Weibliche Spinnen und Insekten fordern dagegen häufig Blutzoll, sodass viele ihrer Männchen den Akt nicht lebend überstehen. Warum tierischer Sex manchmal auch brutal ist, ist in den meisten Fällen nicht klar.

Homosexualität

Neben den sexuellen Begegnungen zwischen Männchen und Weibchen tauschen im Tierreich auch gleichgeschlechtliche Partner Zärtlichkeiten aus.

Ob Humboldt-Pinguine, Delfine oder Bonobos: Bisher haben Forscher bei mehreren hundert Arten homosexuelle Beziehungen entdeckt. Teilweise scheinen sie einfach Ausdruck der Spielfreude und Lust zu sein, manchmal stärken sie aber auch die Verbindungen innerhalb einer Gruppe.
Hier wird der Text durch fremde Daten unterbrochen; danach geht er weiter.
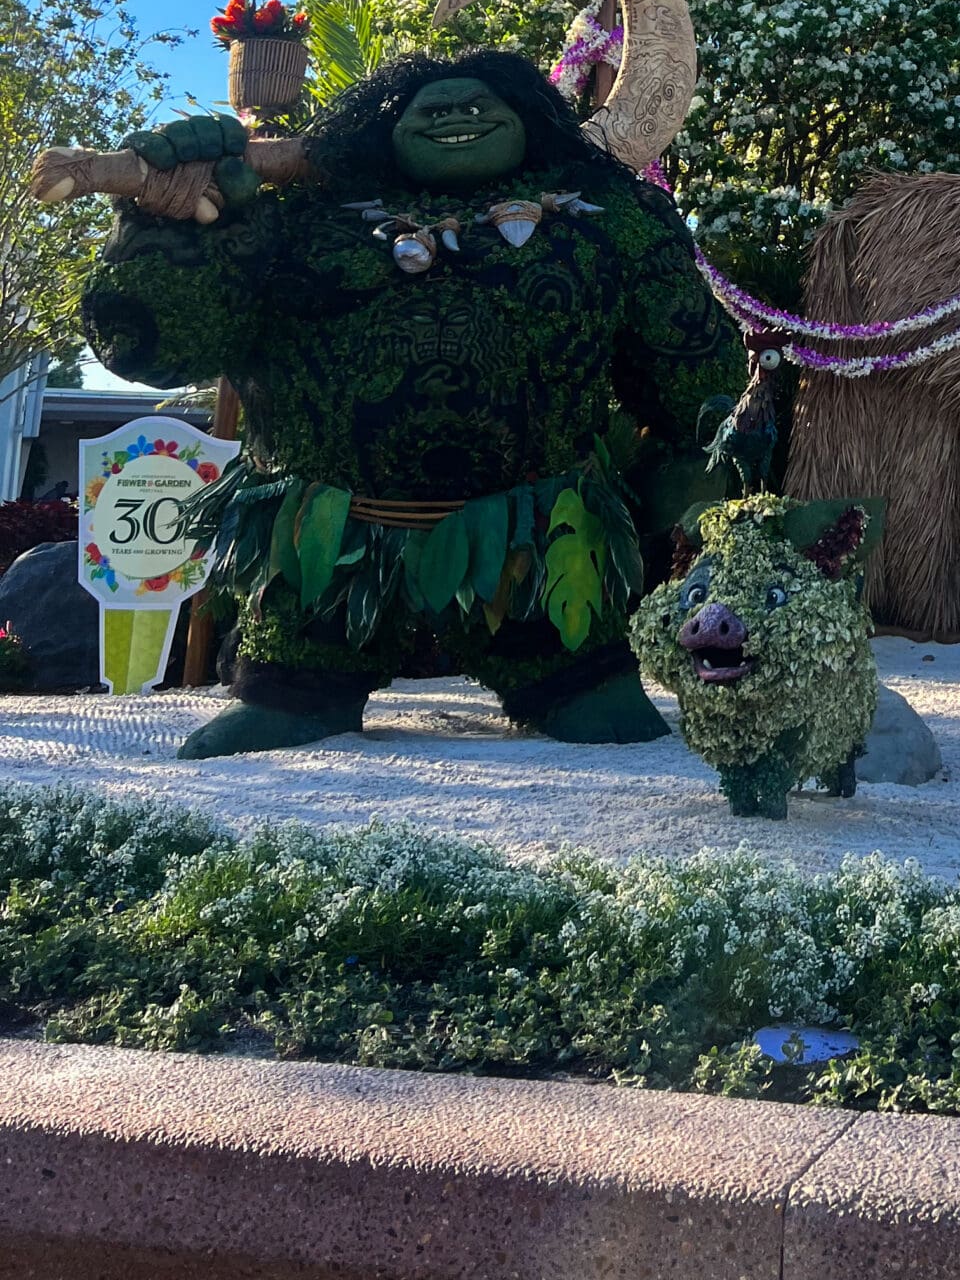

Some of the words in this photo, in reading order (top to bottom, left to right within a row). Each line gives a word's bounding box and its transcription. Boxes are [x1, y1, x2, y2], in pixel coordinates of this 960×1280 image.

[117, 479, 146, 487] FLOWER
[154, 479, 191, 487] GARDEN
[109, 497, 189, 545] 30
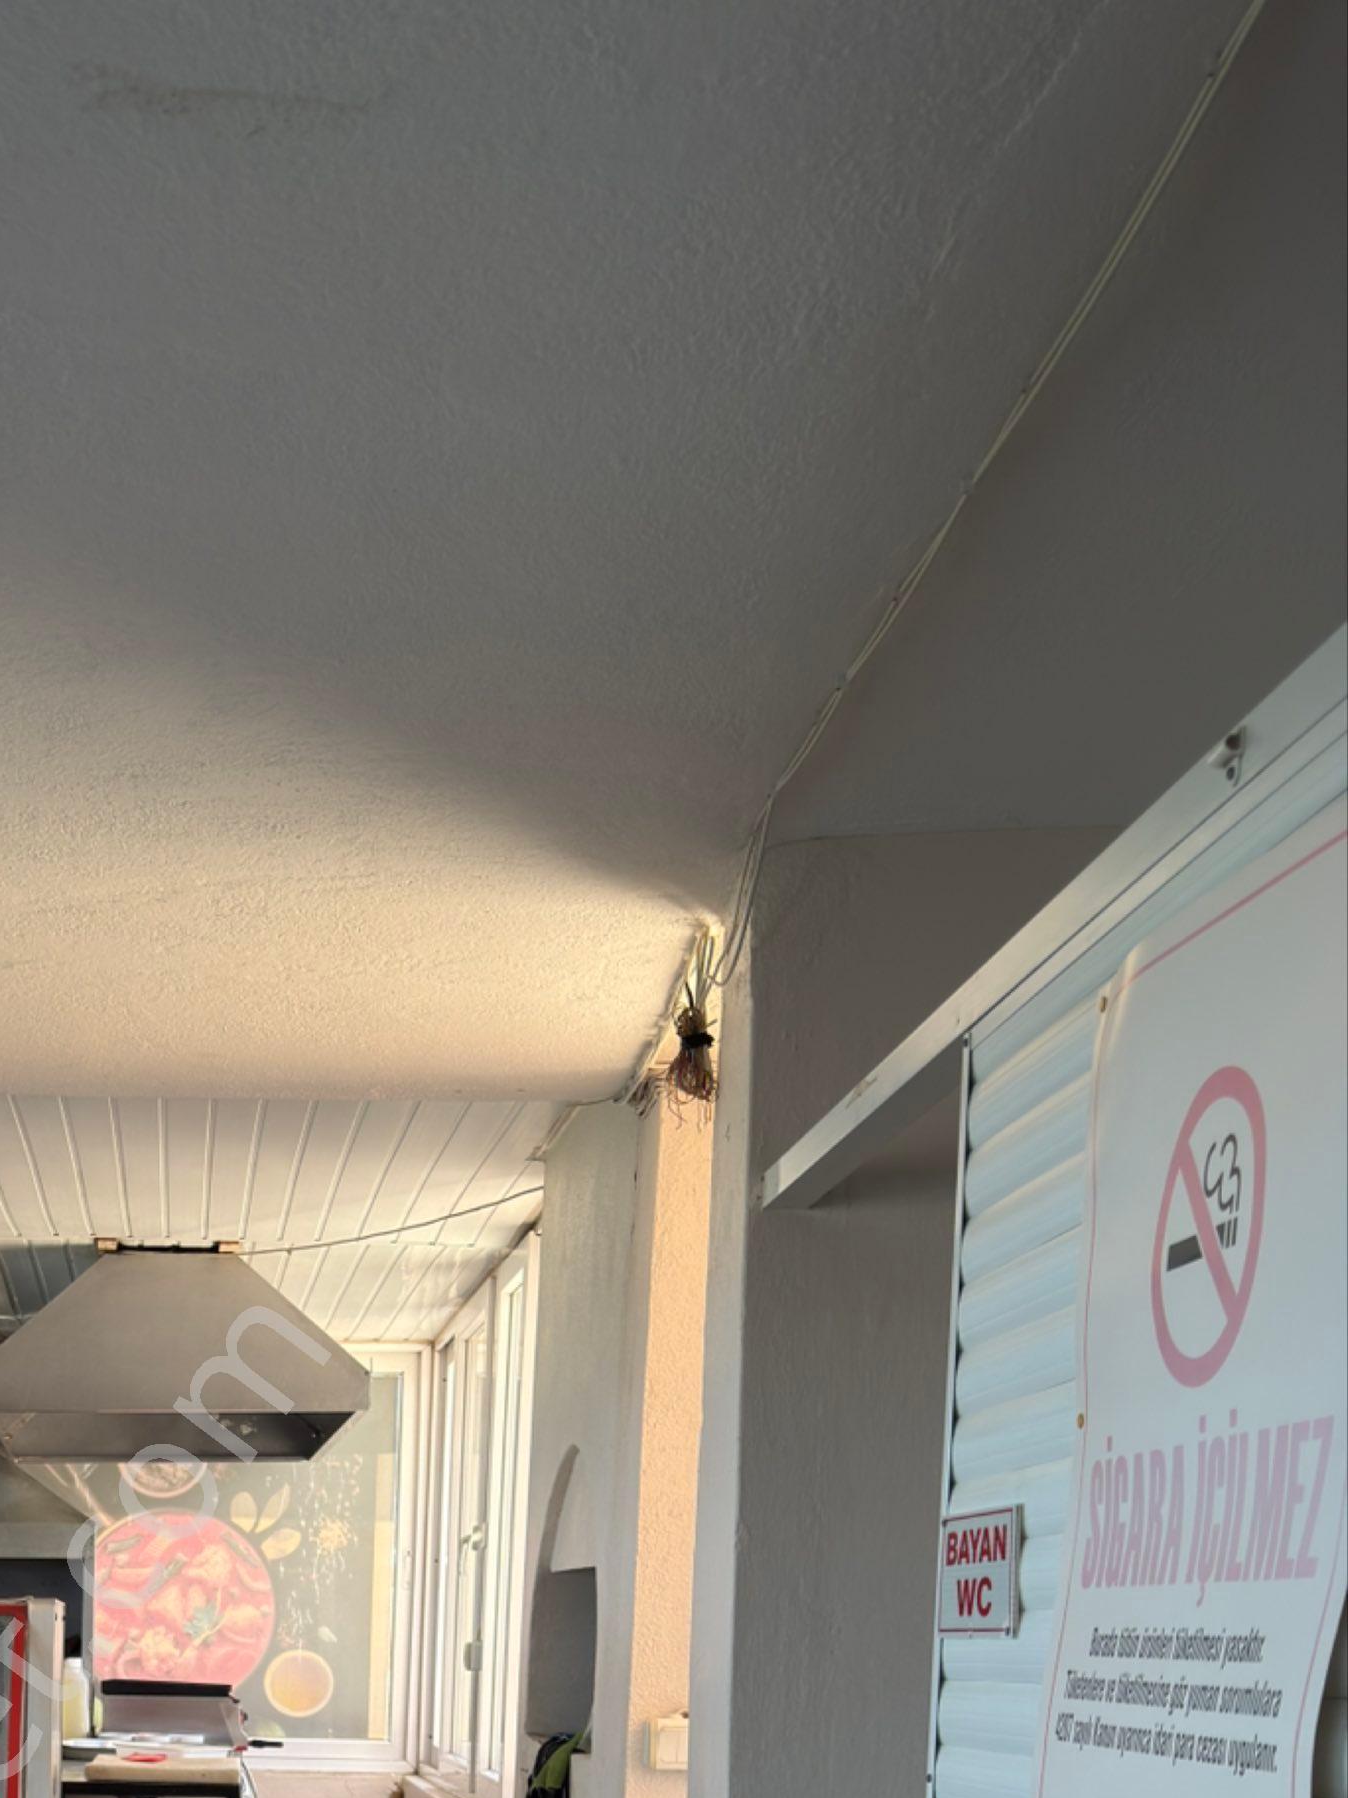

Bei Albatrossen konnte man zudem feststellen, dass sich Weibchen häufig dann zu einem Paar zusammenfinden, wenn es nicht genügend Männer gibt. Die Weibchen lassen sich in so einem Fall von einem Männchen befruchten, das bereits eine Partnerin hat, und ziehen den Nachwuchs dann mit einem zweiten Albatrosweibchen auf, das ebenfalls allein ist. Als gleichgeschlechtliches Pärchen tragen sie so mehr zum Erhalt der Kolonie bei, als wenn sie Single blieben.

Zwei Wanderalbatrosse an einer Küste

Bei Albatrossen gibt es weibliche "Paare" bei der Aufzucht

Die Rolle der Eltern

Für die Aufzucht des Nachwuchses ist im Reich der Tiere meist das Weibchen zuständig, allerdings nicht immer. Bei vielen Vogelarten zum Beispiel kümmern sich beide Elternteile gleichberechtigt. Als "Rabeneltern" gelten in diesem Zusammenhang viele Insekten, Amphibien, Reptilien oder Fische, da sie ihre Nachkommen direkt nach der Eiablage sich selbst überlassen.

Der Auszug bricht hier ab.